短い冬休みが終わり15日ではなく2週目の月曜とかいう決まりになった成人の日が過ぎると、
1月もいつのまにか残り半分程になっていた。空気は砂漠並に乾燥し寒さに拍車をかけ、
町のあちこちで参考書や単語帳を手に切羽詰まった顔をした学生を見かけるようになった。
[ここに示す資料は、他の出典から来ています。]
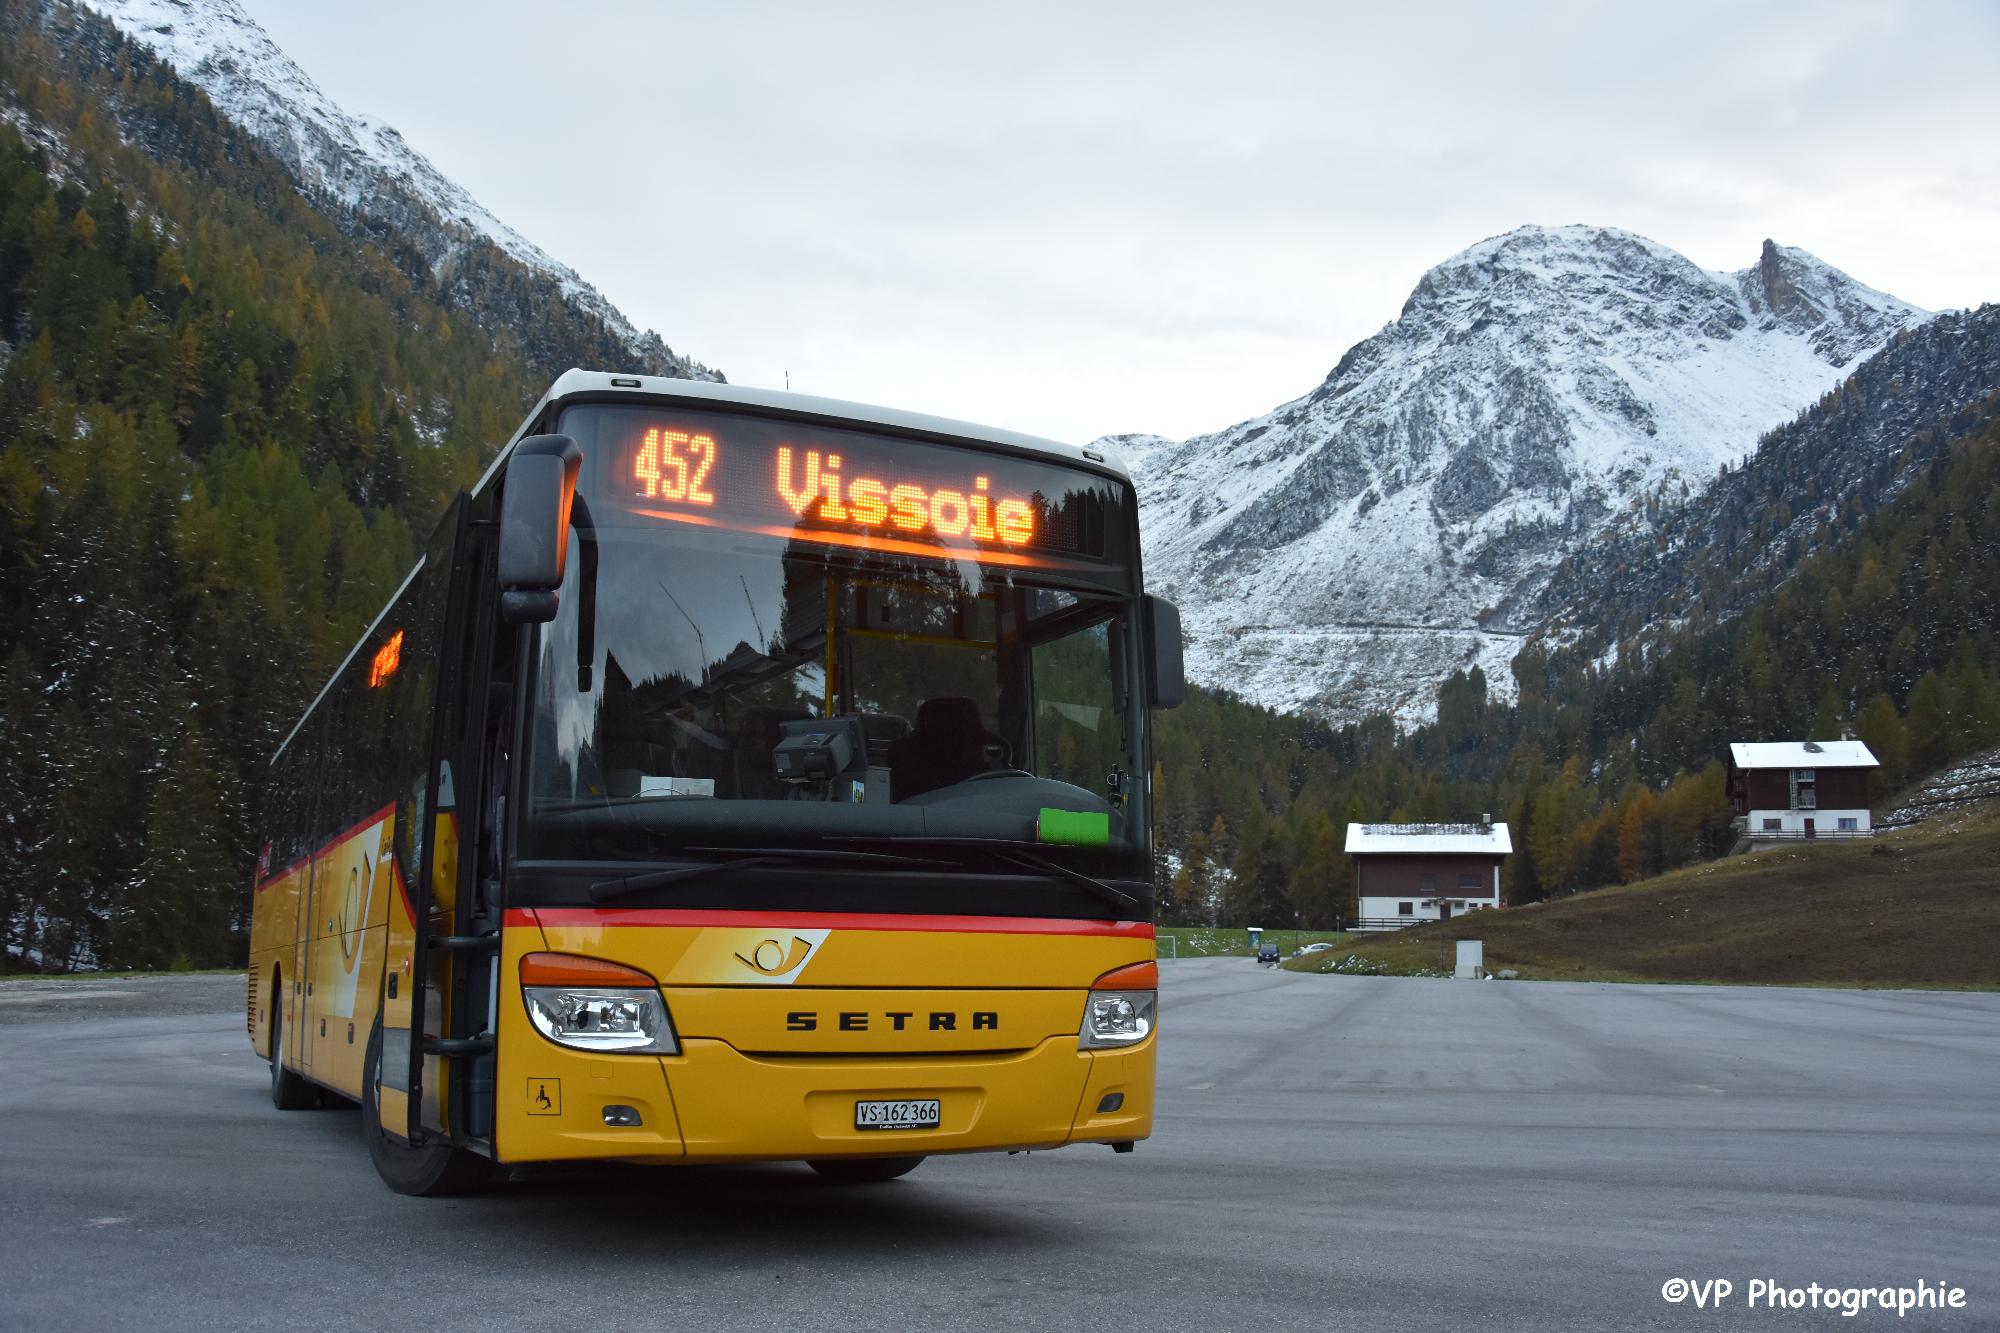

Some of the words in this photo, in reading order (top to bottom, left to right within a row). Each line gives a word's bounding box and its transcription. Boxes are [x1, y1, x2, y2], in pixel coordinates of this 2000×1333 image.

[635, 428, 715, 506] 452
[777, 447, 1034, 545] Vissoie
[786, 1011, 999, 1032] SETRA
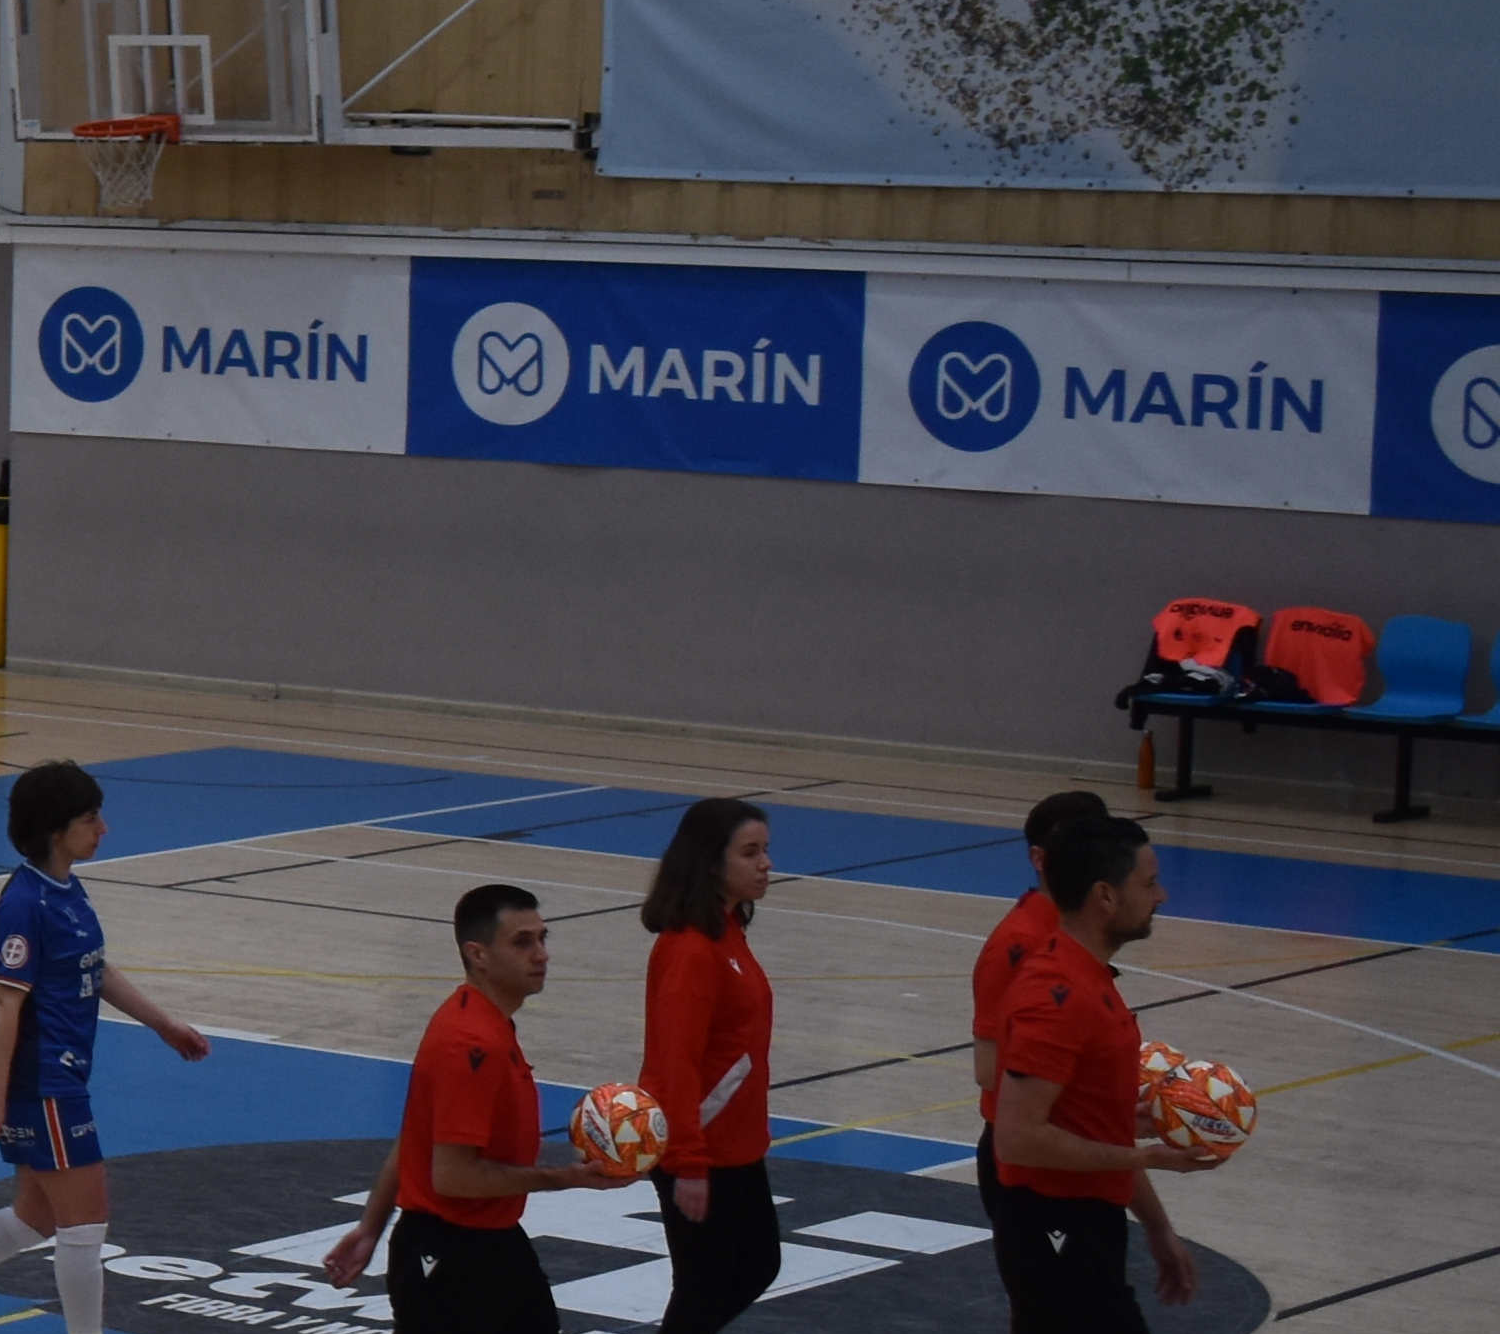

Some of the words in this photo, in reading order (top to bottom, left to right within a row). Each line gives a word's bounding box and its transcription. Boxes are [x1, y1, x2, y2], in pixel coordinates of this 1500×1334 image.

[161, 320, 368, 383] MARÍN
[588, 338, 822, 407] MARÍN
[1062, 361, 1324, 434] MARÍN
[140, 1293, 286, 1326] FIBRA
[271, 1315, 324, 1331] Y
自分達の後ろの席で分厚い赤い本を広げているのは高校生だろうか、
平日のこの時間ということを考えると予備校生かもしれない、マコトはそんな風に考えていた。
「おぃ、聞いてんのか?」
元旦から今まで音信不通だったことの理由を述べ終えると、
KKはテーブルの中央に鎮座している真新しい携帯電話、自局番号も表示されない代わりに色々とここでは言えないような機能の付いた、
の横に、白い紙片を添えた。綴られているのは、
「んで、これが俺の新しい番号と、アドレス。」
「なんでドコモ!?」
「そこかよ……ジジイがキノコ好きでな。」
「ドコモじゃ絵文字が使えないじゃん!まったく…」
「いい歳したヤローが絵文字満載のメール送ってくんなっての。」
会話している間にもマコトの指は忙しなく動いていた。
ほどなくしてテーブルの上でおとなしくしていた携帯が、独特の音をたてて振動する。
一度目は長く、二度目は短く震えると、着信と受信を告げる表示が両方出た。
「早ぇな。さすがカリスマの指テク。」
「……へえ、」
「あ?」
「とりあえず本当みたいだね、コレ。」
と、言ってつまみあげたメモと着信を受けたKKの携帯を見比べるマコト。
「〜〜〜っ!おい、そんなに信用ねえのか俺は?!」
思わず前のめりになってつっこむKKを見て、マコトはケラケラ笑った。
「まぁね〜だってアンタ前科あるし。」
「っぐ、………チッ…。」
舌打ちをひとつして、マコトの手からひったくるように紙片を奪う。
用が終われば余計な漏洩の種は燃やすだけだ。灰皿の上でライターに火を点けられ、煙もほとんど上げずに消えていく。
「燃やしちゃうの?」
「そーいう約束だからな。」
「おじーちゃんと?」
「あぁ。あのジジイ、俺の行動が目に余るとかぬかしやがった。」
「良かったじゃん、守って貰えて。」
「冗談じゃねえっての!」
「どんな上司も、部下のためになることしか考えてないよ。KKも会社員なんだよねぇー。」
「他人事だと思いやがって。今度壊したらクビだなきっと、」
「そんなに恐いの、おじーちゃん?」
「恐ぇのなんの。もーホント、死んだ方がマシ。部下の命と壊れた携帯、どっちが大事だっつの…。」
「まー俺はおじーちゃんの味方だからなー。」
「……帰る。」
「あ、真面目ー。」
「発信機内蔵してっからこれ以上いるとヤベぇ。何か他にも知らない機能付いてそうだし。いや、ぜってー付いてる。付いてるに決まってる。」
最後の方はぶつぶつと自分に言い聞かせているようなKKを見て、マコトは苦笑する。
この分だと姫初めはまだまだ先のことになりそうだ。業務内容はともかく、思わずお仕事頑張ってと言いたくなった。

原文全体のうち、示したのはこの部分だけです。